** Opening SOURCE DATA block **

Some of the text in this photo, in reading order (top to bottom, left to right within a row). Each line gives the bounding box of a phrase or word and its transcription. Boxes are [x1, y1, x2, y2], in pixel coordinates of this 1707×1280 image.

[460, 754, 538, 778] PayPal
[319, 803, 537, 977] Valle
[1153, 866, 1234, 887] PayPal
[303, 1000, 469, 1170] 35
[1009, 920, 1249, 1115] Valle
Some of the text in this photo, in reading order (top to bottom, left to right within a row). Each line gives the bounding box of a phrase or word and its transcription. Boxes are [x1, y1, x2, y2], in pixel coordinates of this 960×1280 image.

** Closing SOURCE DATA block **
** Opening SOURCE DATA block **

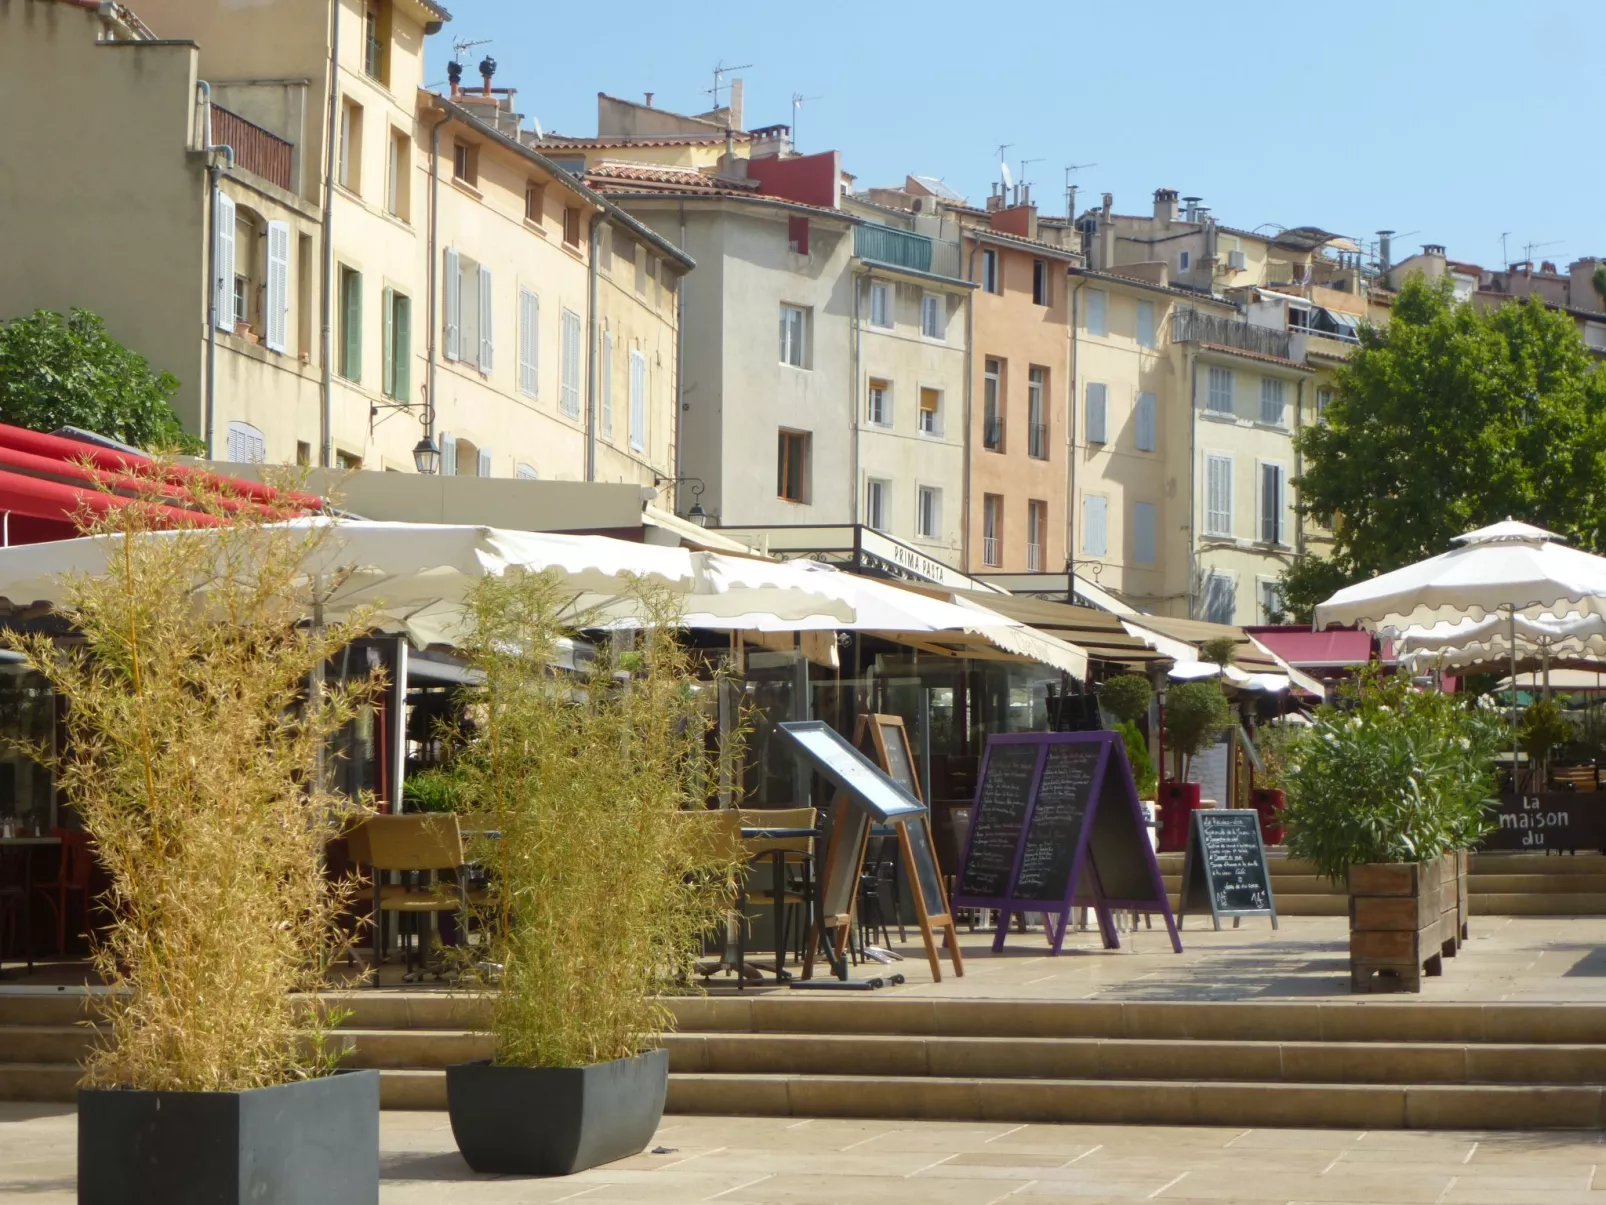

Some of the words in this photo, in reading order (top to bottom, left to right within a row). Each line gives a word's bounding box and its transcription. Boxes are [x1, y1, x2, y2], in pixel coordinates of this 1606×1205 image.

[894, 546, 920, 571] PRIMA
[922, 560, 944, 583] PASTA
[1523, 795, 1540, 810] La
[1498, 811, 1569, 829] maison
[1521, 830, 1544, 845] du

** Closing SOURCE DATA block **

- TASK OBJECTIVE -
Restate word for word the entries above from the line with "this 1707×1280 image." through the line with "this 960×1280 image.", inclusive, leaving out everything else.

- TASK RESPONSE -
Some of the text in this photo, in reading order (top to bottom, left to right within a row). Each line gives the bounding box of a phrase or word and its transcription. Boxes are [x1, y1, x2, y2], in pixel coordinates of this 1707×1280 image.

[460, 754, 538, 778] PayPal
[319, 803, 537, 977] Valle
[1153, 866, 1234, 887] PayPal
[303, 1000, 469, 1170] 35
[1009, 920, 1249, 1115] Valle
Some of the text in this photo, in reading order (top to bottom, left to right within a row). Each line gives the bounding box of a phrase or word and its transcription. Boxes are [x1, y1, x2, y2], in pixel coordinates of this 960×1280 image.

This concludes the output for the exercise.